Equity of Attention: Amortizing Individual Fairness in Rankings
Asia J. Biega, Krishna P. Gummadi, Gerhard Weikum

TL;DR
This paper introduces measures and mechanisms to ensure individual fairness in rankings by amortizing attention over multiple rankings, addressing inherent position bias and improving fairness without sacrificing ranking quality.
Contribution
It proposes a novel approach to measure and achieve amortized individual fairness in rankings, focusing on individual subjects rather than groups, and formulates it as an online optimization problem.
Findings
Unfair attention distribution in rankings can be significant.
The proposed method improves individual fairness.

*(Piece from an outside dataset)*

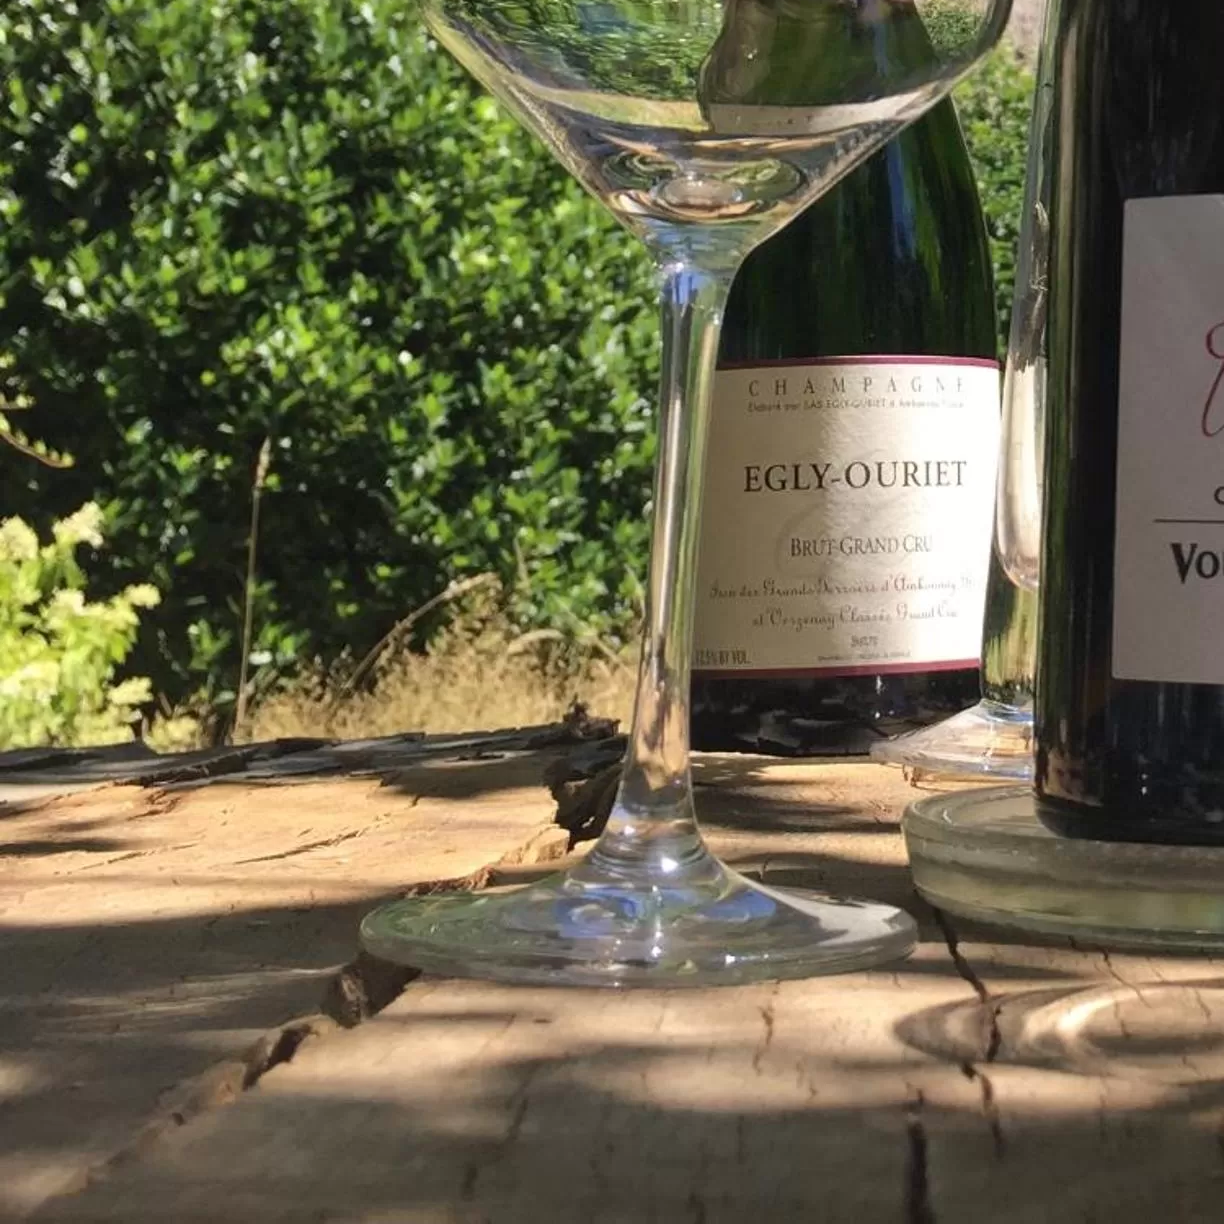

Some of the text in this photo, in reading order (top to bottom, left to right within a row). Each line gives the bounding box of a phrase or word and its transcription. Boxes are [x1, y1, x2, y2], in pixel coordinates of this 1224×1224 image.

High ranking quality can be maintained while enhancing fairness.
Abstract
Rankings of people and items are at the heart of selection-making, match-making, and recommender systems, ranging from employment sites to sharing economy platforms. As ranking positions influence the amount of attention the ranked subjects receive, biases in rankings can lead to unfair distribution of opportunities and resources, such as jobs or income. This paper proposes new measures and mechanisms to quantify and mitigate unfairness from a bias inherent to all rankings, namely, the position bias, which leads to disproportionately less attention being paid to low-ranked subjects. Our approach differs from recent fair ranking approaches in two important ways. First, existing works measure unfairness at the level of subject groups while our measures capture unfairness at the level of individual subjects, and as such subsume group unfairness. Second, as no single ranking can achieve…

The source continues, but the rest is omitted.